| Work instructions |
Please give an exact copy of every line from the one holding "this 1600×1200 image." through the final line of the records below.

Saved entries
= = =

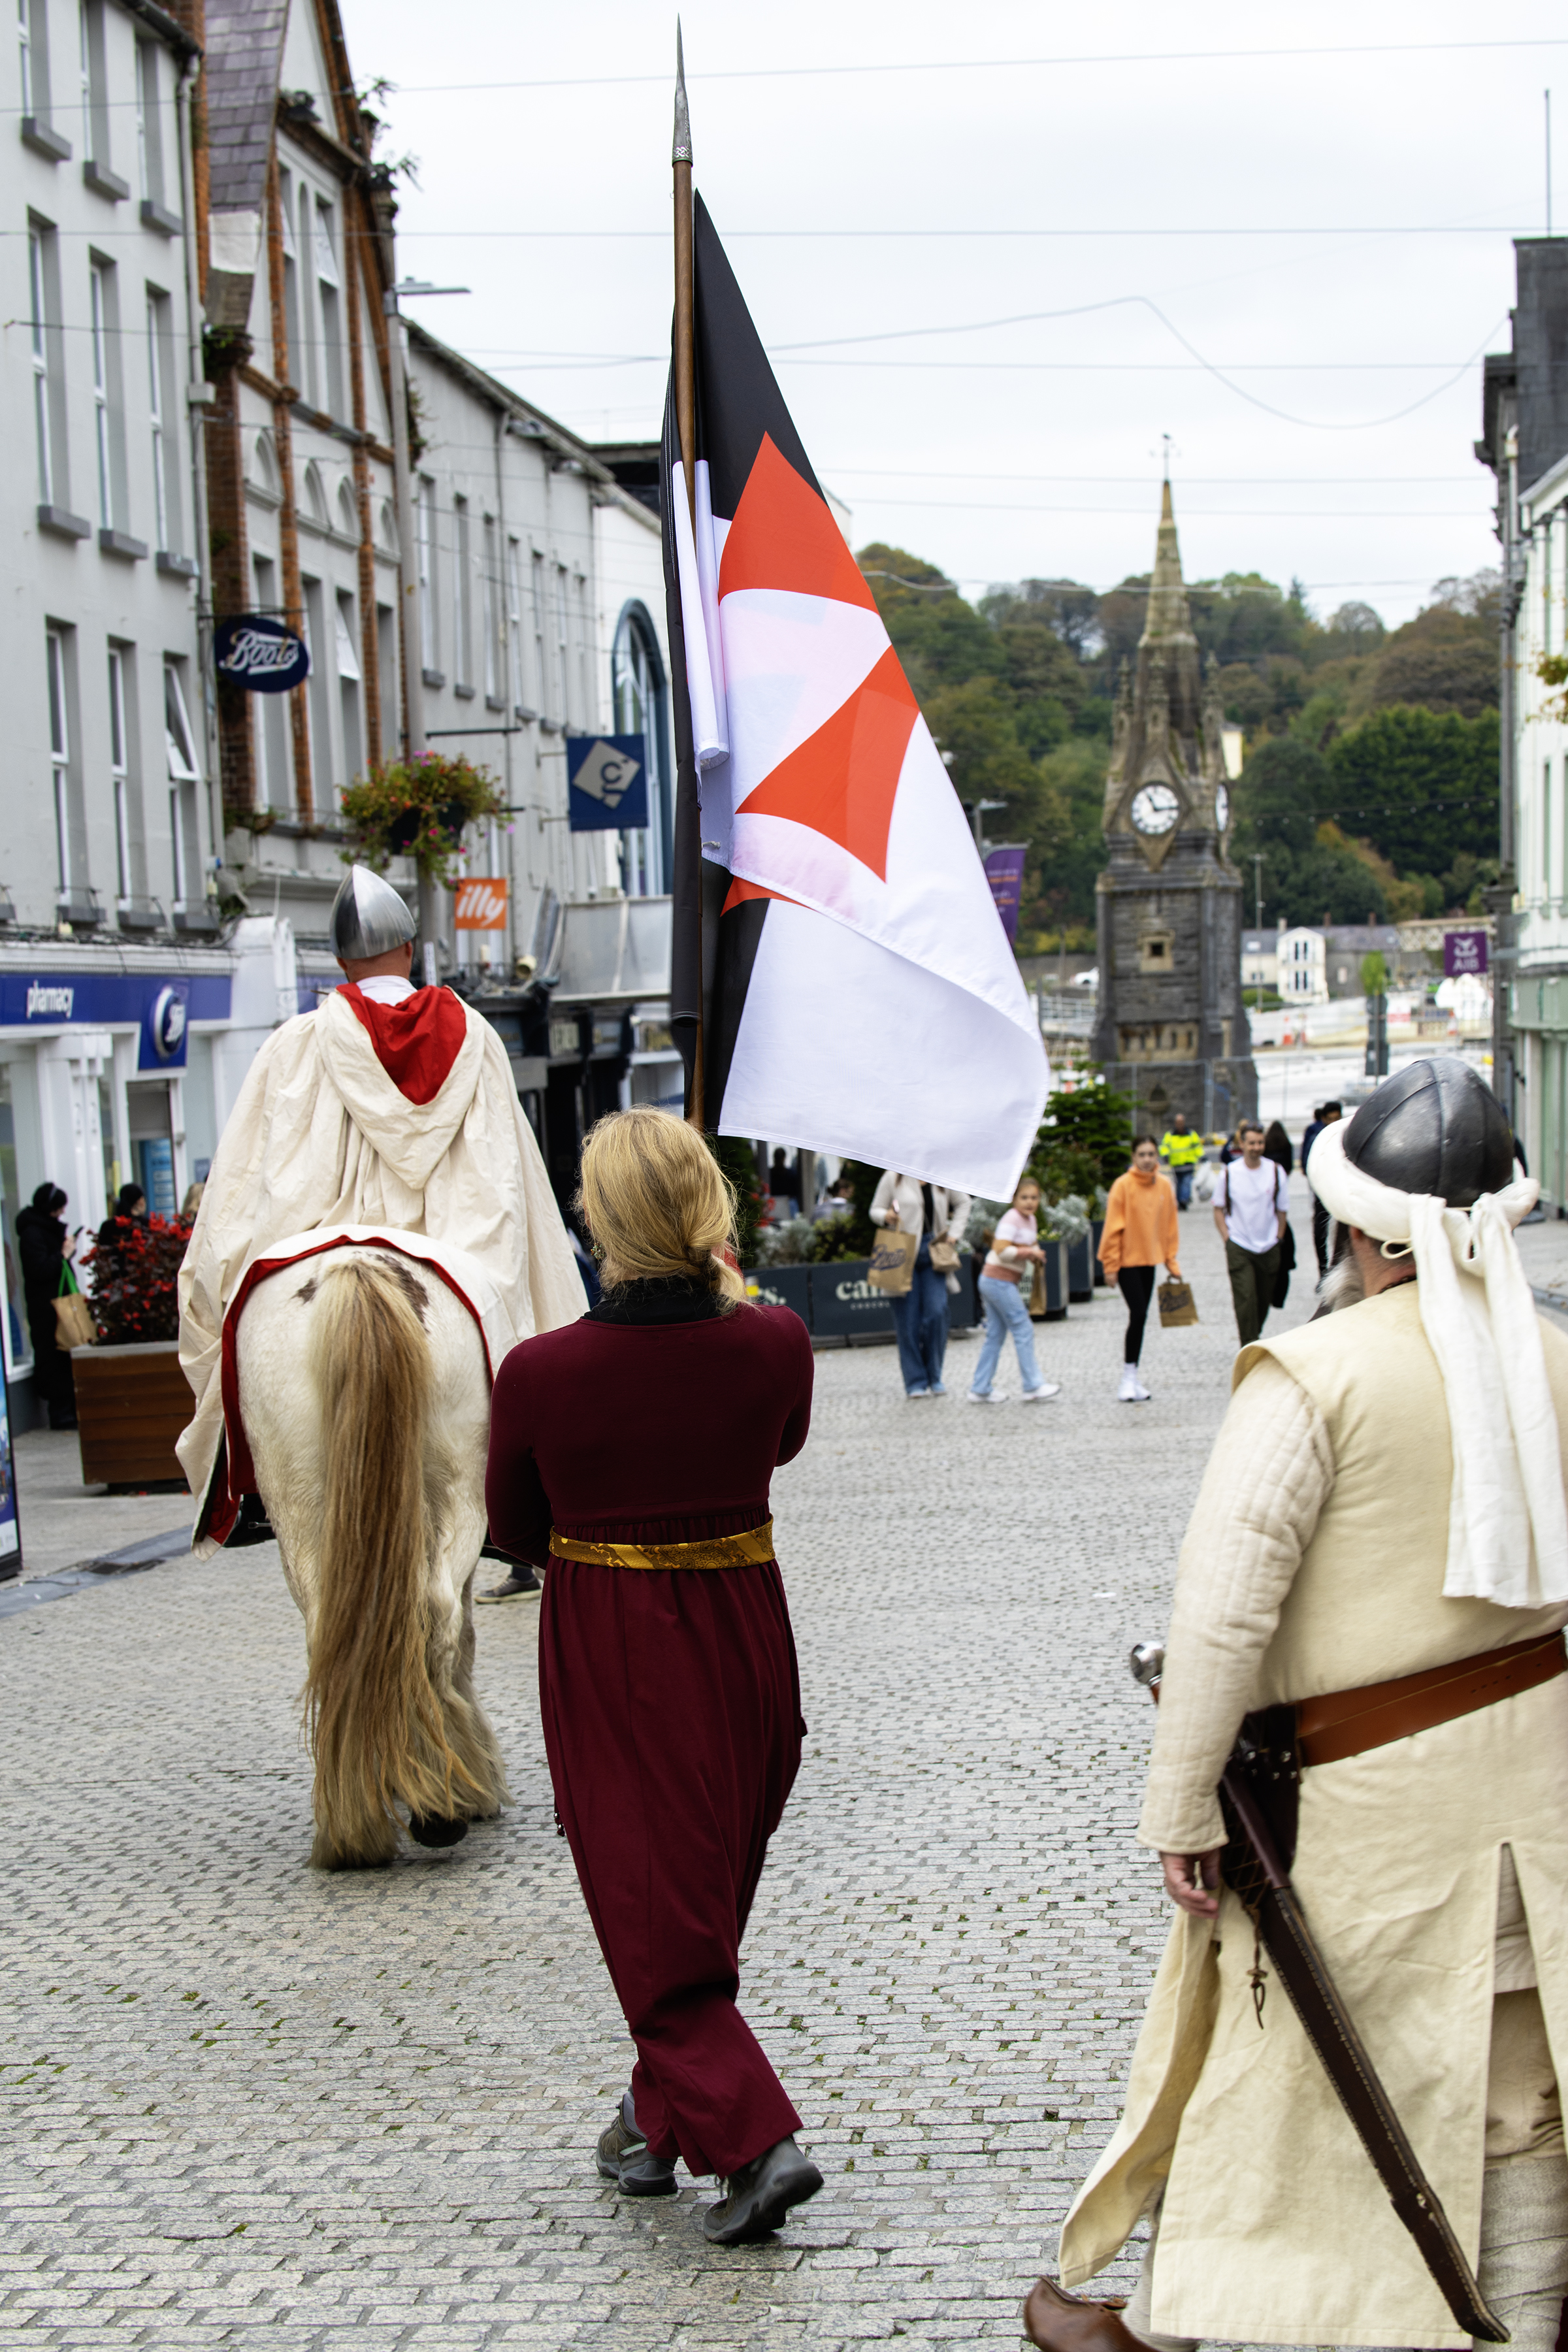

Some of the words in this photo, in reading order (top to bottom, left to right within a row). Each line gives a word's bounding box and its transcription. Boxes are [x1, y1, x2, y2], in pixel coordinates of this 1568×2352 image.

[218, 627, 300, 676] Boots
[457, 883, 505, 927] illy
[1452, 956, 1480, 973] AIB
[26, 979, 74, 1020] pharmacy
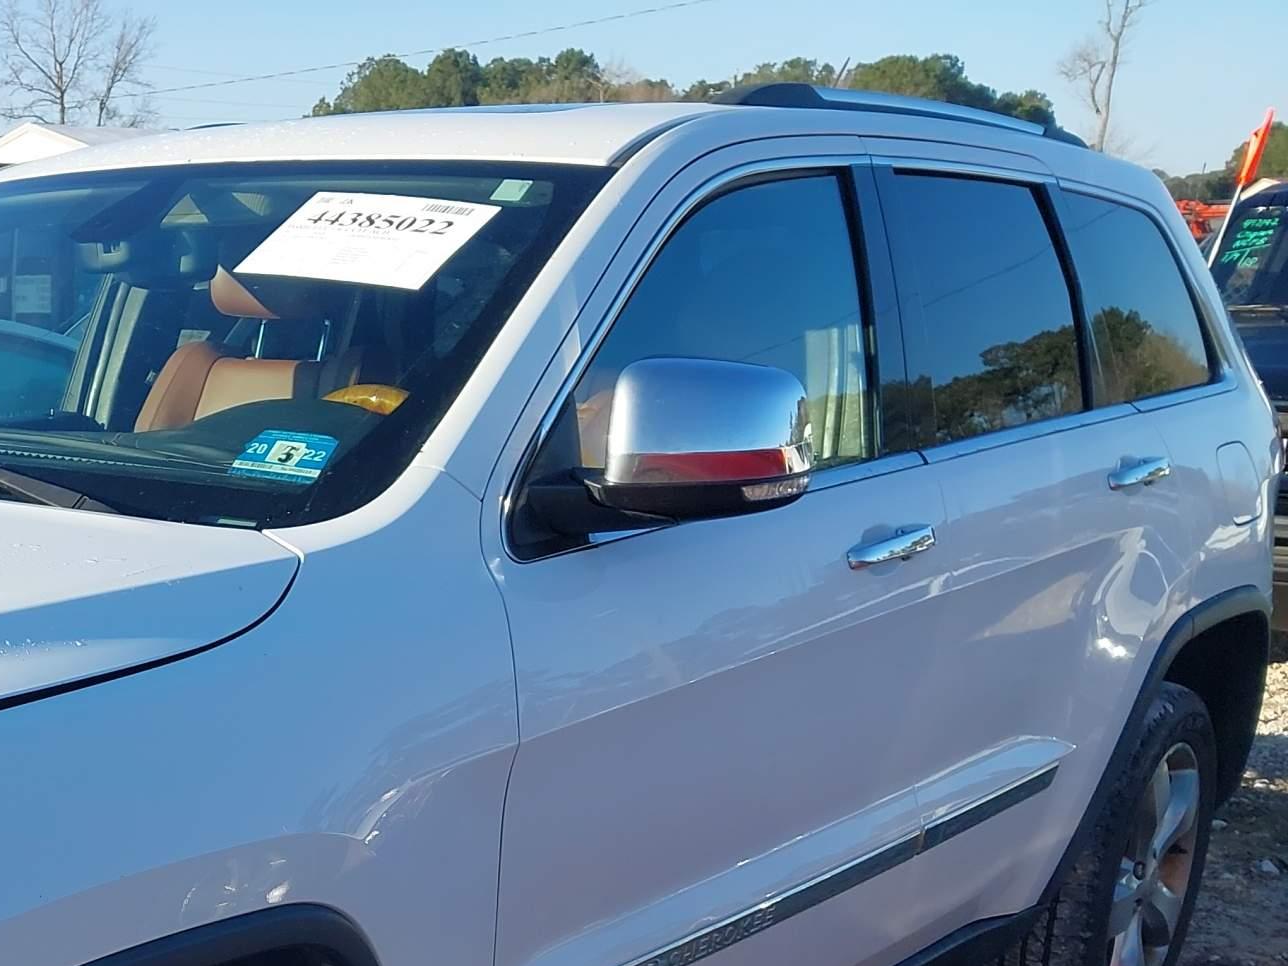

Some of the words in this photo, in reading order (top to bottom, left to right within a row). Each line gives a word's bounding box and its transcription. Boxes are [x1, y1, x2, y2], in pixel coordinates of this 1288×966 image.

[307, 210, 454, 235] 44385022
[246, 442, 268, 454] 20
[277, 445, 299, 463] 5
[302, 447, 326, 462] 22
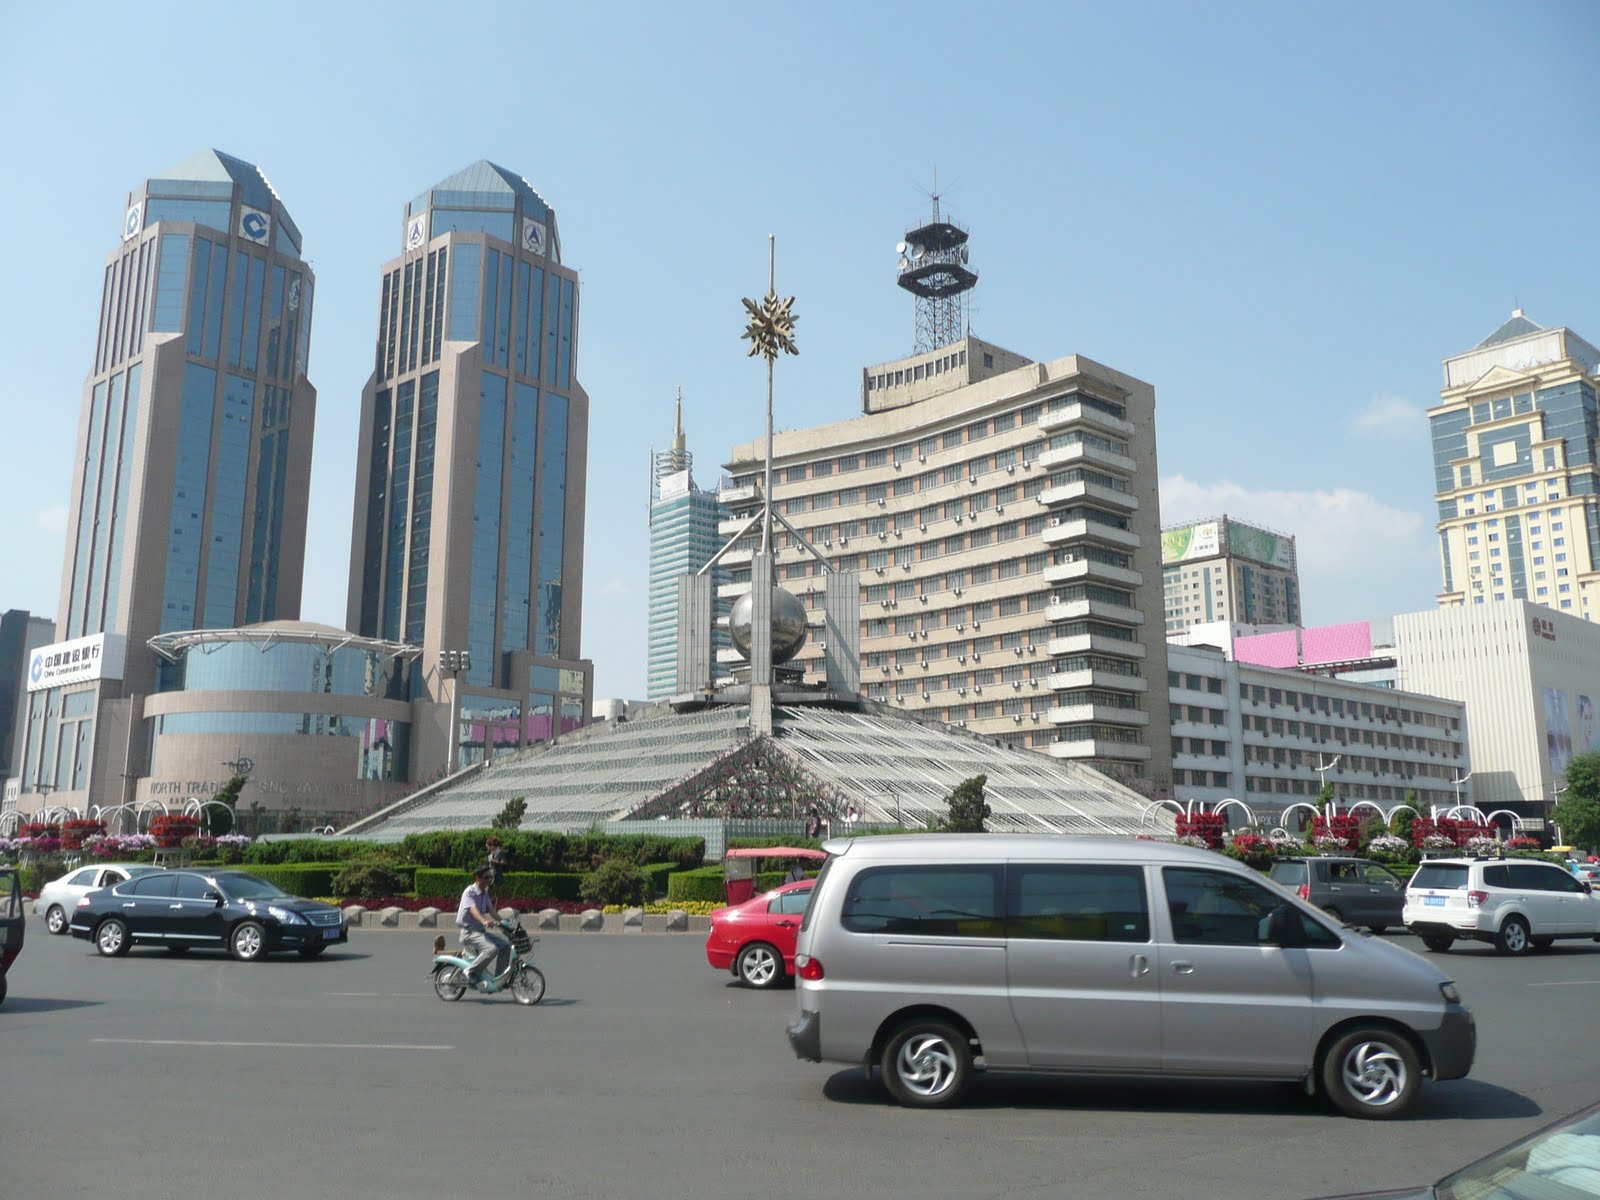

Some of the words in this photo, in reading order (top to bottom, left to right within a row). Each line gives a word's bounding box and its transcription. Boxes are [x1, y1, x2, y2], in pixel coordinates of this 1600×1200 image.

[45, 643, 101, 668] 中国建设银行
[150, 781, 180, 794] NORTH

= = =

| Expected answer |
Some of the words in this photo, in reading order (top to bottom, left to right within a row). Each line gives a word's bounding box and its transcription. Boxes are [x1, y1, x2, y2], in pixel coordinates of this 1600×1200 image.

[45, 643, 101, 668] 中国建设银行
[150, 781, 180, 794] NORTH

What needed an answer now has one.